There is a long standing and large literature on side-channel vulnerabilities. It can date back on WWII, where Bell Labs uncovered by accident that the encryption machine emitted a spike each time the machine stepped. And these spikes could unbelievably divulge the plain text of a message being enciphered by the machine. The early history of how this phenomenon was discovered is introduced in [59].

From then on, side-channel vulnerabilities on encrypted communications have been examined in various domains, including encrypted Voice over IP (VoIP) conversations [123, 122], multimedia data streaming [105], keyboard acoustic emanations [23, 126] and cryptographic systems [73, 61].

For example, in encrypted VoIP conversations, techniques such as variable bit rate (VBR) are used to encode audio for saving bandwidth. Wright et al. [123] demonstrate that the lengths of encrypted compressed VoIP packets can be exploited to identify the language spoken in an encrypted conversation. Moreover, phrases spoken within an encrypted call can also be revealed by encrypted compressed packet lengths [122].

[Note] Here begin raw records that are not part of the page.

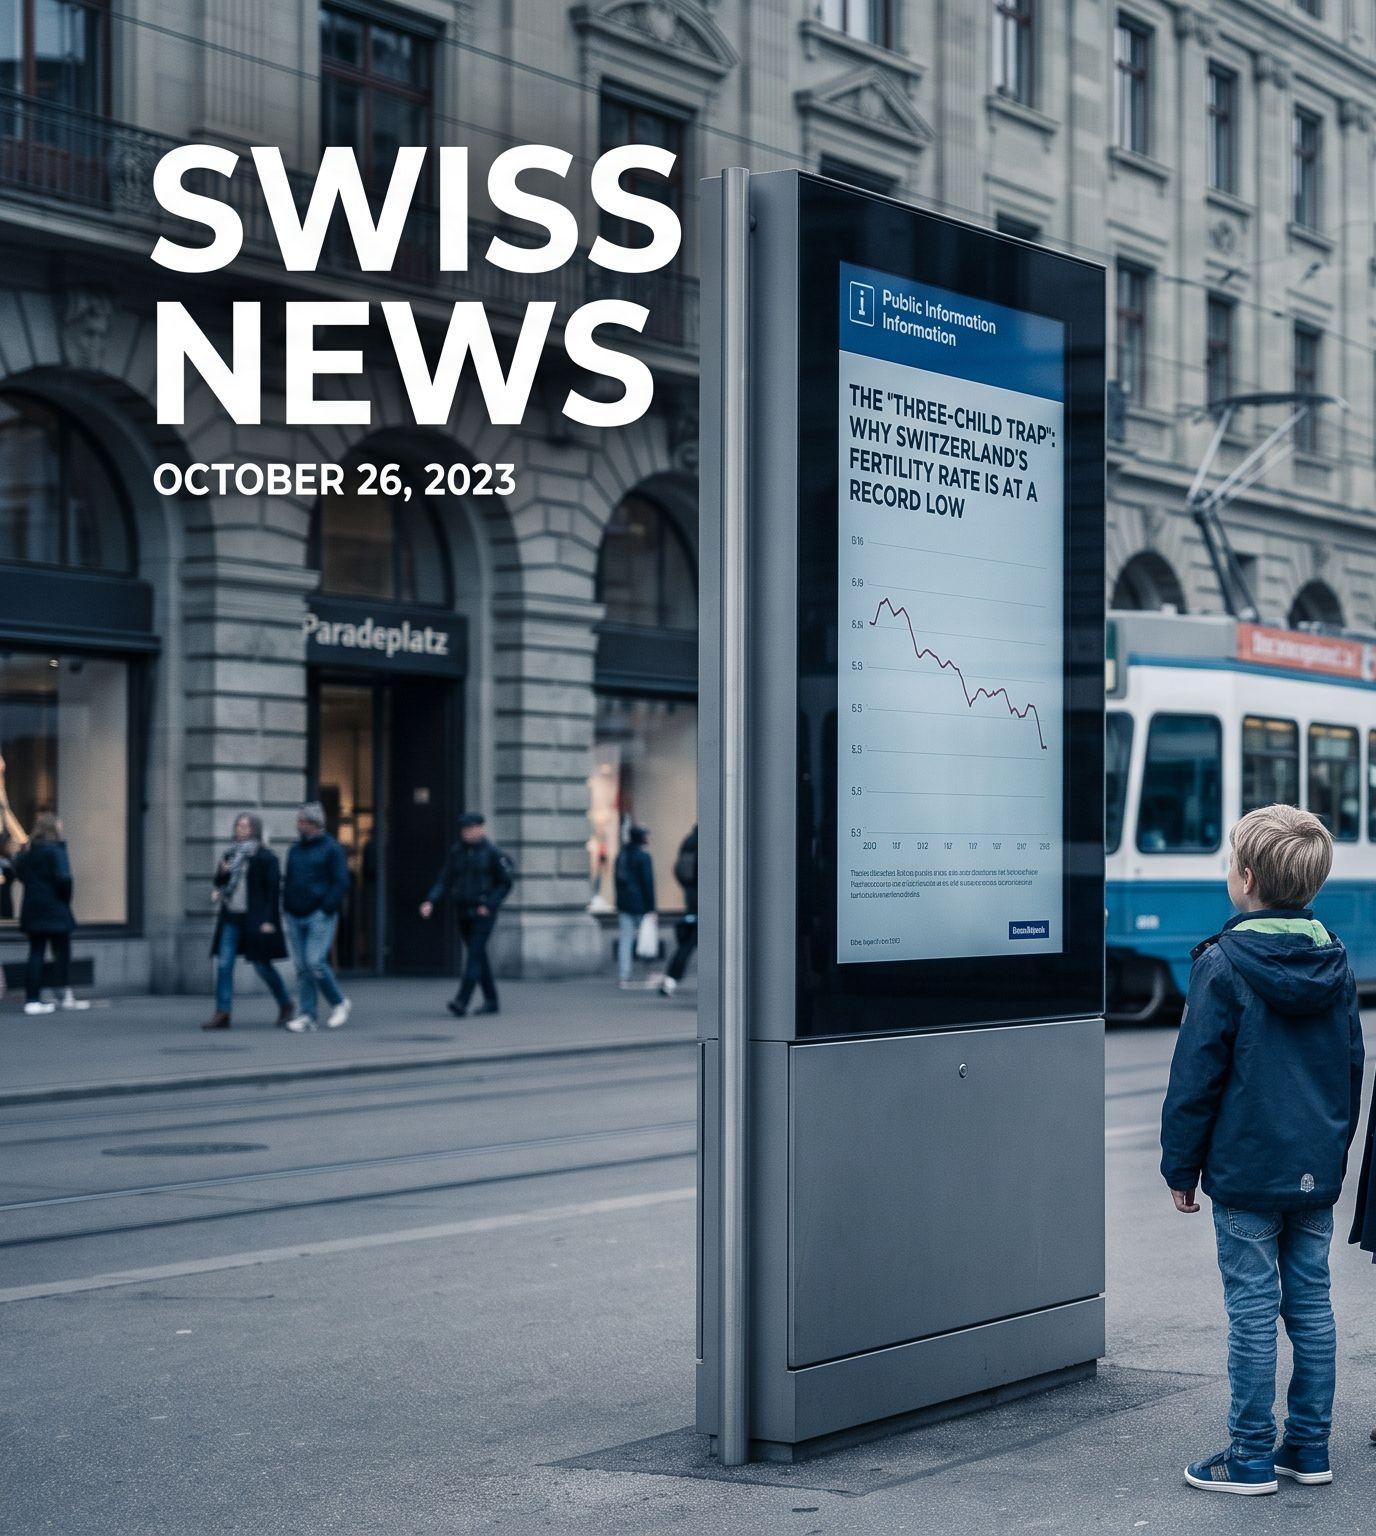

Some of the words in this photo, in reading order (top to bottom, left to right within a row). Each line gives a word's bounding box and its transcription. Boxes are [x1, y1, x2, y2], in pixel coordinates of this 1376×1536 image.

[882, 288, 923, 316] Public
[925, 300, 997, 335] Information
[882, 312, 957, 347] Information
[849, 383, 883, 412] THE
[887, 391, 1002, 436] "THREE-CHILD
[1006, 417, 1056, 448] TRAP":
[849, 415, 892, 444] WHY
[896, 425, 1028, 471] SWITZERLAND'S
[850, 447, 934, 483] FERTILITY
[938, 464, 980, 492] RATE
[985, 472, 999, 495] IS
[1002, 477, 1023, 499] AT
[1026, 481, 1038, 503] A
[850, 478, 921, 511] RECORD
[926, 492, 966, 519] LOW
[302, 611, 449, 658] Paradeplatz

Keyboard acoustic emanations provide a possibility of revealing typed characters on keyboard-like input devices, differentiating the sounds emanated by different keys [23, 126]. Apart from acoustic emanations, keystrokes can also be revealed by timing attacks. Song et al. [110] infer key sequences through the time differences between each two keys pressed, as an individual IP packet is sent to the remote machine immediately after every key is pressed.

Timing attacks have also been exploited on cryptographic implementations. For example, [73] demonstrates how to obtain secret keys by measuring the amount of time required for operating cryptographic computations in, e.g. Diffie-Hellman [51], RSA

[101], and DSS [57] systems.

Especially, cache based side-channel attacks have been mounted on cryptographic implementations, e.g. [31, 21]. They break cryptosystems through exploring cache states of cache access mechanisms. For example, in time-driven cache attacks the total time needed of performing certain computations can be obtained to infer the number of cache hits and misses during encryptions [31].

Another important category of side-channel vulnerabilities is traffic analysis in web applications, which have arisen increasing public concerns over the past two decades. An adversary’s intention is to infer web users’ online activities, such as the websites they have visited.